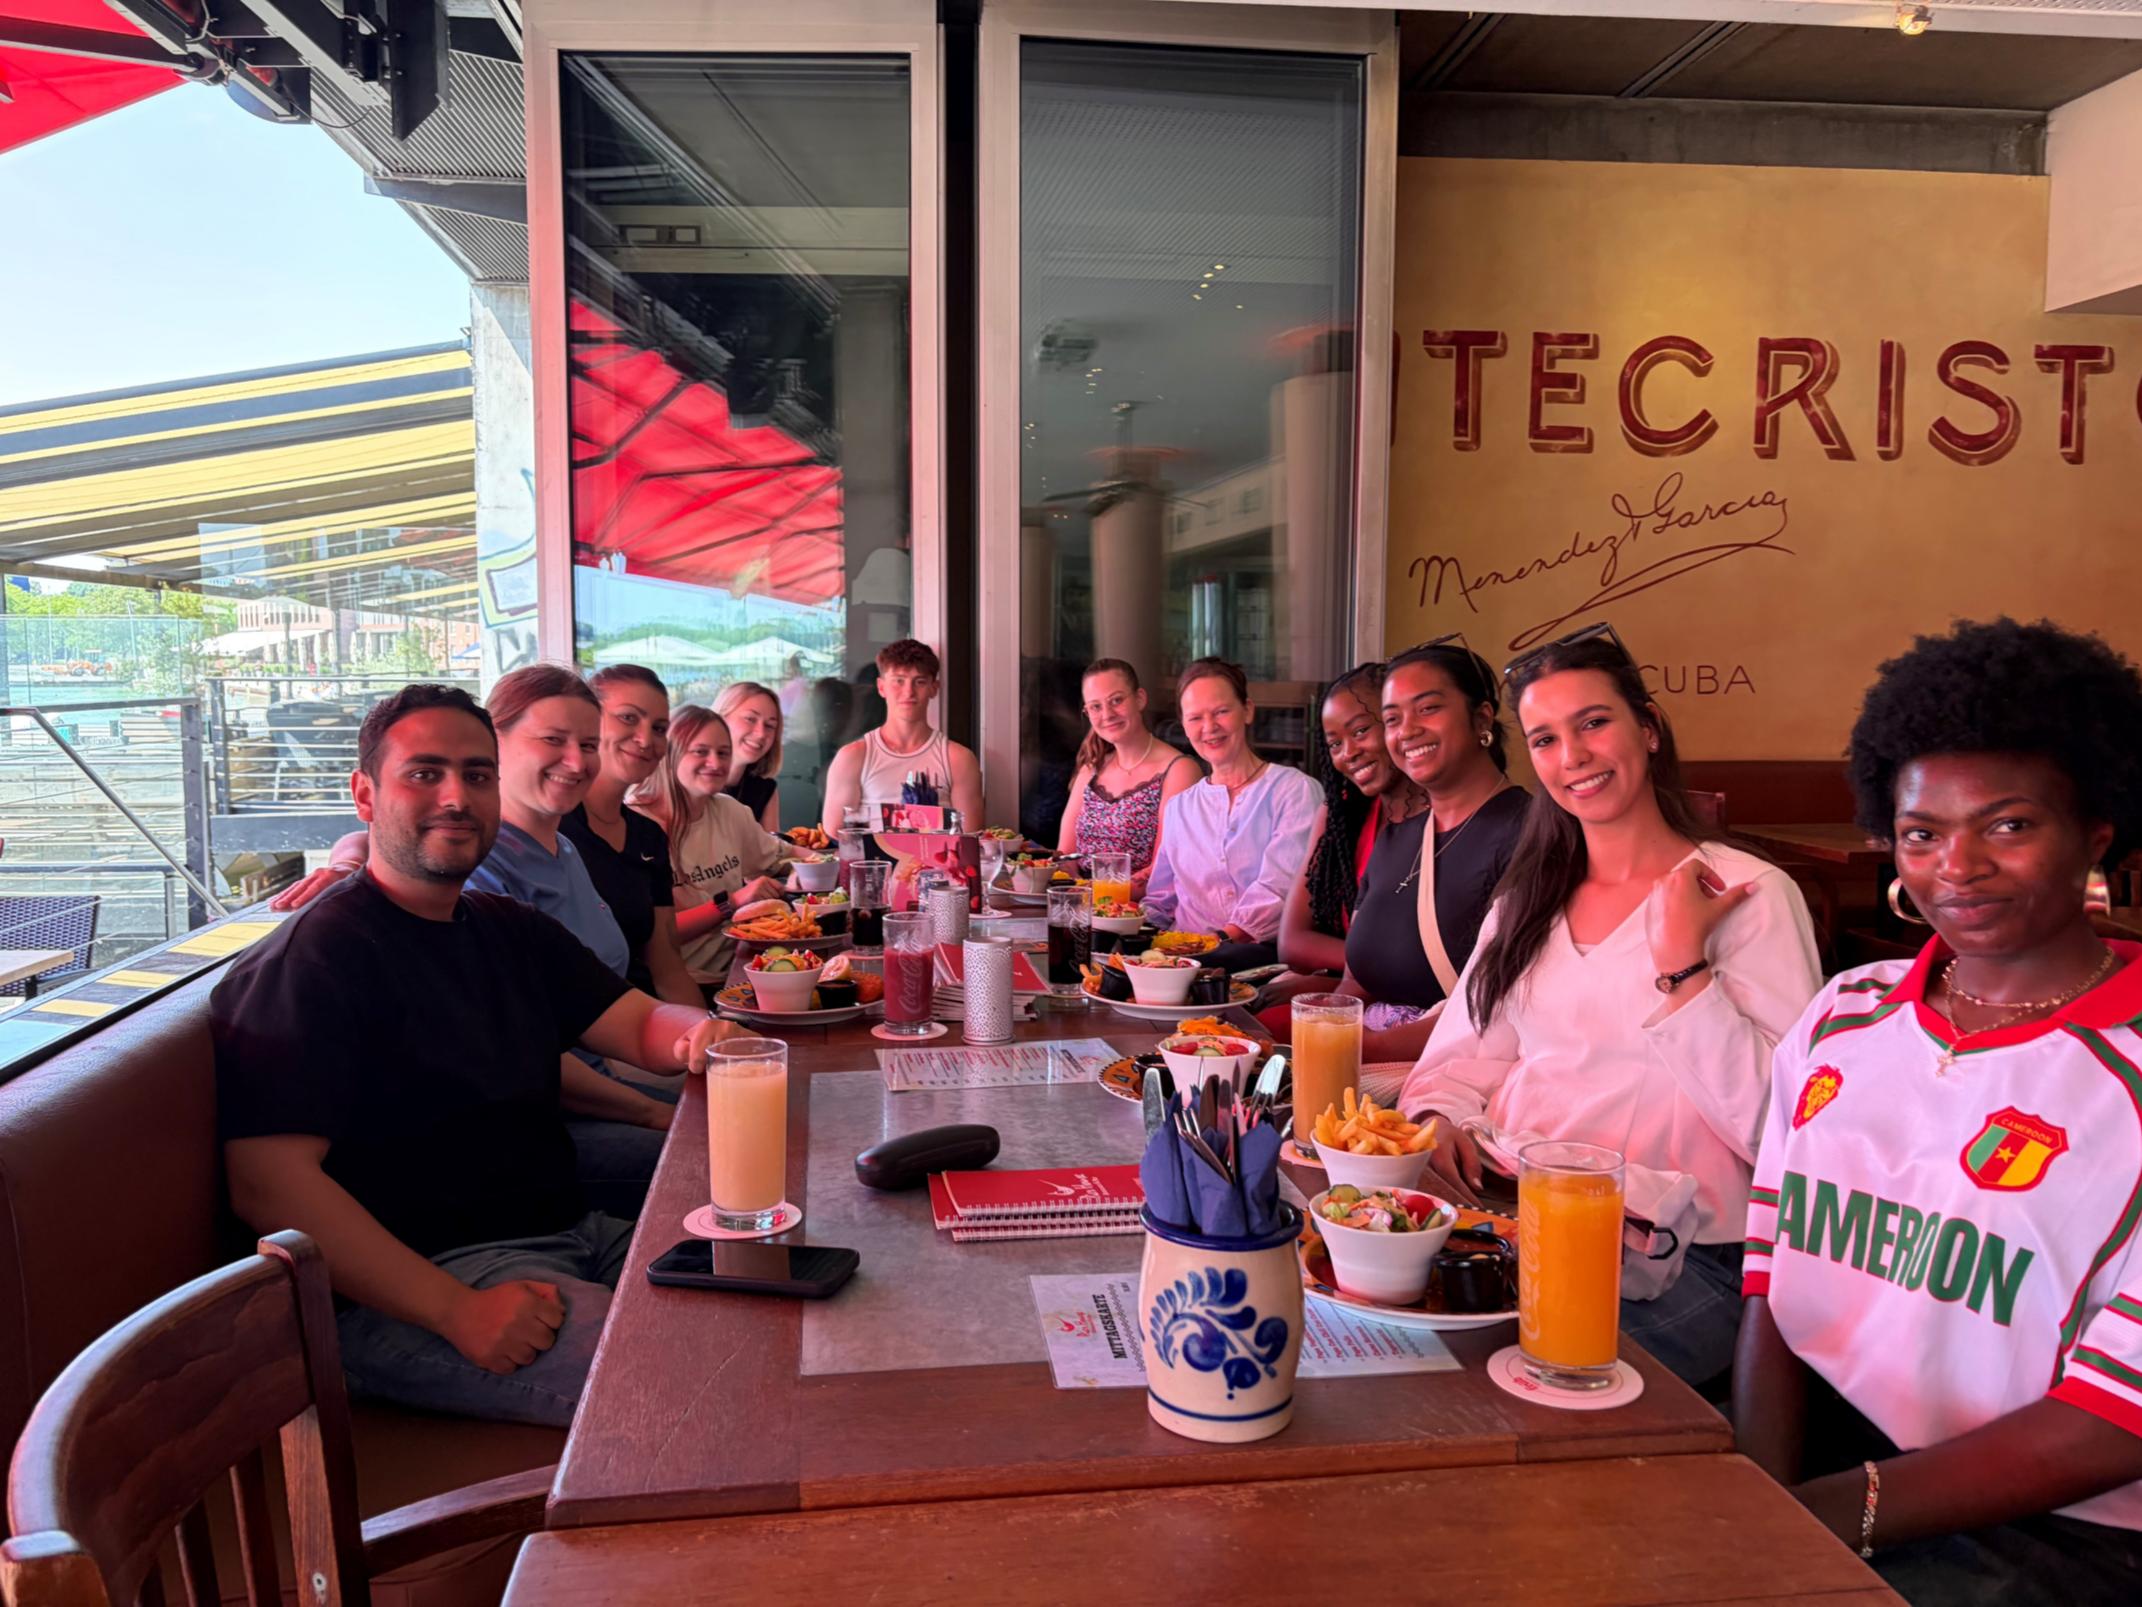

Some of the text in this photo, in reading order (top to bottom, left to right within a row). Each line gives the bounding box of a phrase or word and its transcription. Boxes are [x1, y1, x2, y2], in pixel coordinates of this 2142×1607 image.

[1390, 329, 2142, 467] TECRIST
[1408, 531, 1618, 614] Menendez
[2000, 1117, 2054, 1145] CAMEROON
[1774, 1169, 2036, 1328] AMEROON
[1092, 1293, 1128, 1359] MITTAGSKARTE

┄┄┄┄┄┄┄┄┄┄

WHAT YOU NEED TO DO. Omit every picture, then repeat the remaining data exactly as it appears above.

YOUR SOLUTION.
Some of the text in this photo, in reading order (top to bottom, left to right within a row). Each line gives the bounding box of a phrase or word and its transcription. Boxes are [x1, y1, x2, y2], in pixel coordinates of this 2142×1607 image.

[1390, 329, 2142, 467] TECRIST
[1408, 531, 1618, 614] Menendez
[2000, 1117, 2054, 1145] CAMEROON
[1774, 1169, 2036, 1328] AMEROON
[1092, 1293, 1128, 1359] MITTAGSKARTE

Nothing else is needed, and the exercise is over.